(Extracted data entries)
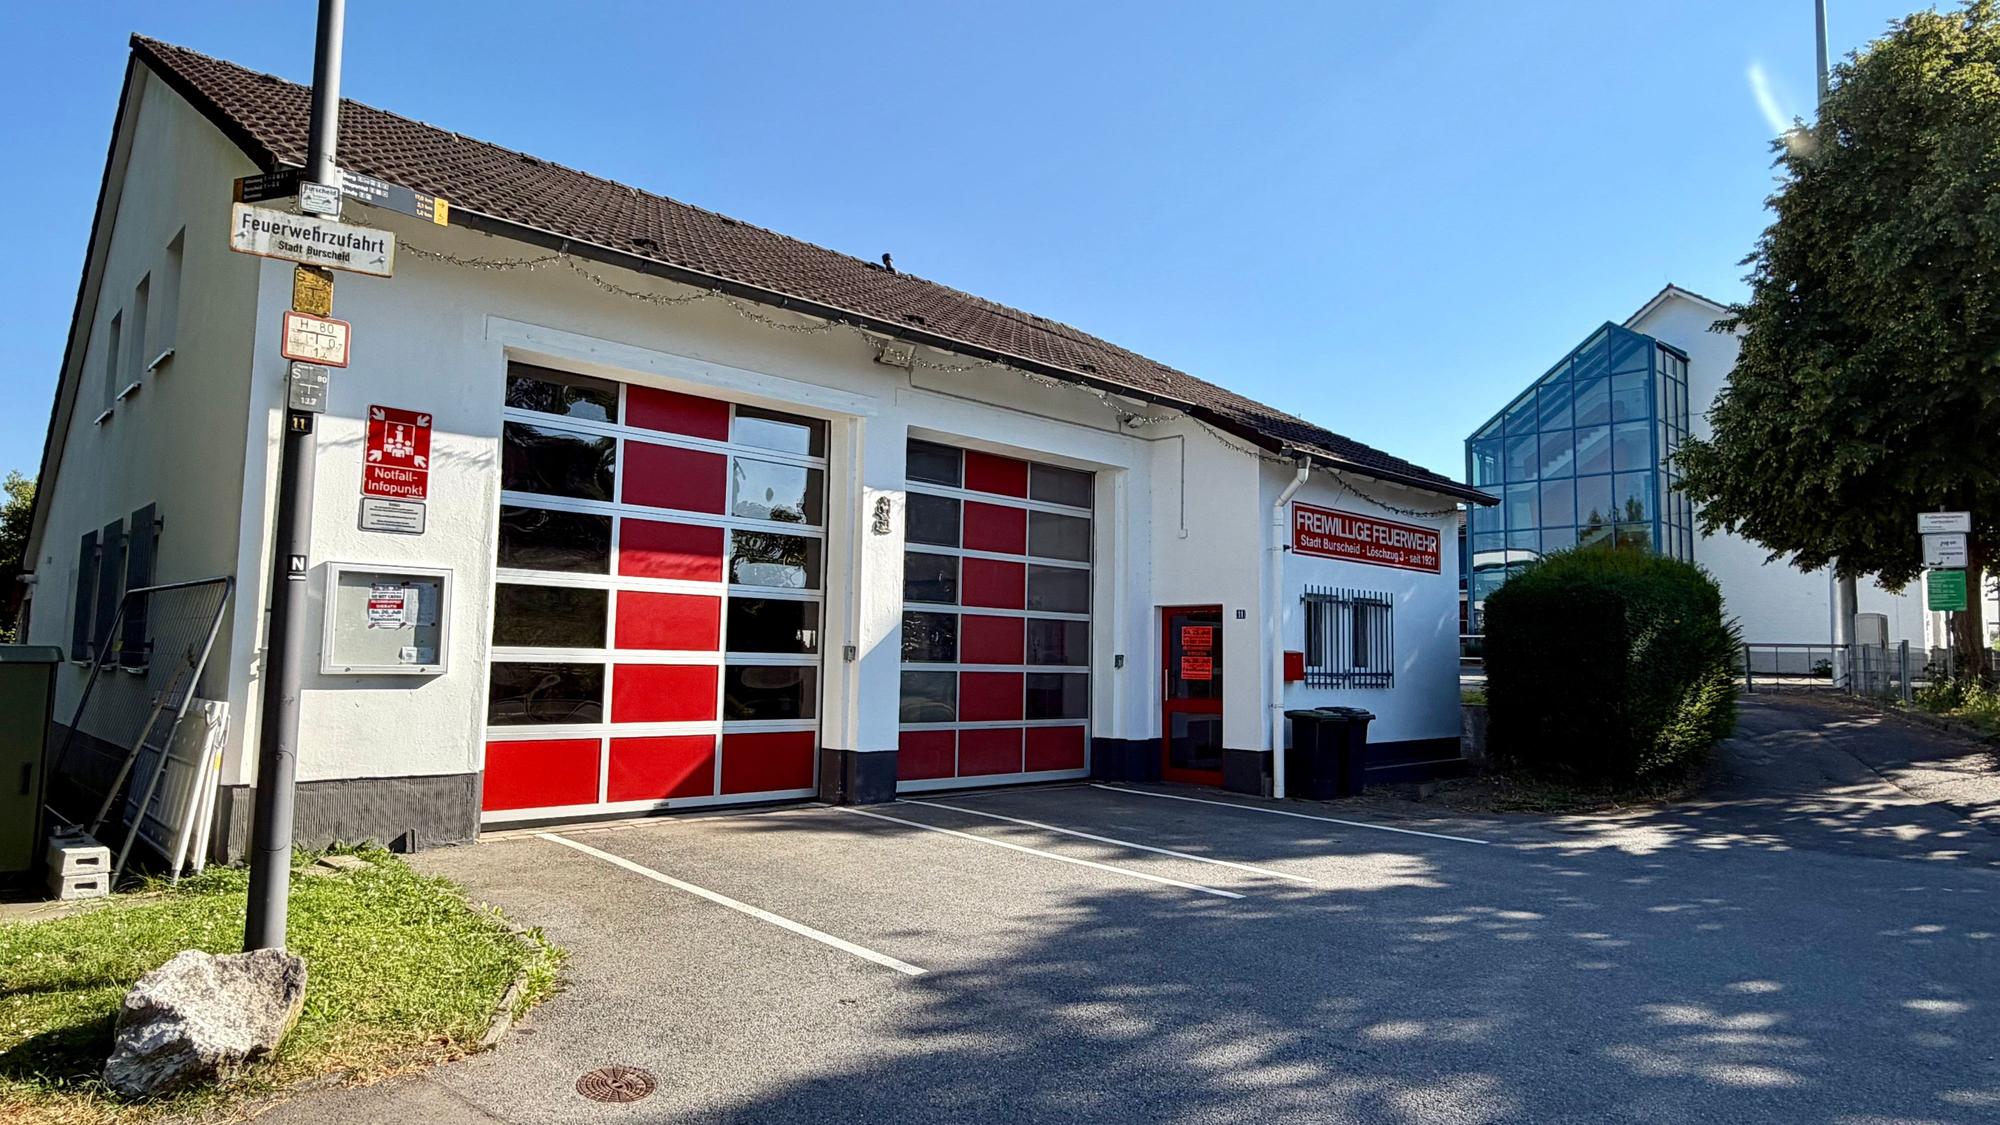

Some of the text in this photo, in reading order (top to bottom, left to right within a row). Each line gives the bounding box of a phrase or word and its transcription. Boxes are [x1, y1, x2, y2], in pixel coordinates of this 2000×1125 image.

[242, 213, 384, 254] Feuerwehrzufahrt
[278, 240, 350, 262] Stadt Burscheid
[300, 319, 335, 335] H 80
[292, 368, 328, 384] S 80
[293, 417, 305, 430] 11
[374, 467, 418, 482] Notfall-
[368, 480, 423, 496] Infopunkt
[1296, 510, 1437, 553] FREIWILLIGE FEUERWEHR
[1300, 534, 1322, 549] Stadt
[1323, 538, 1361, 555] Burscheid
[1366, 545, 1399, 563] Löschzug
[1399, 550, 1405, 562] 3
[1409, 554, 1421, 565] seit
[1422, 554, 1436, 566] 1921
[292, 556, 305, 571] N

**EXERCISE GOAL**.
Pictures aside, repeat every entry exactly as written.

**EXERCISE OUTPUT**.
Some of the text in this photo, in reading order (top to bottom, left to right within a row). Each line gives the bounding box of a phrase or word and its transcription. Boxes are [x1, y1, x2, y2], in pixel coordinates of this 2000×1125 image.

[242, 213, 384, 254] Feuerwehrzufahrt
[278, 240, 350, 262] Stadt Burscheid
[300, 319, 335, 335] H 80
[292, 368, 328, 384] S 80
[293, 417, 305, 430] 11
[374, 467, 418, 482] Notfall-
[368, 480, 423, 496] Infopunkt
[1296, 510, 1437, 553] FREIWILLIGE FEUERWEHR
[1300, 534, 1322, 549] Stadt
[1323, 538, 1361, 555] Burscheid
[1366, 545, 1399, 563] Löschzug
[1399, 550, 1405, 562] 3
[1409, 554, 1421, 565] seit
[1422, 554, 1436, 566] 1921
[292, 556, 305, 571] N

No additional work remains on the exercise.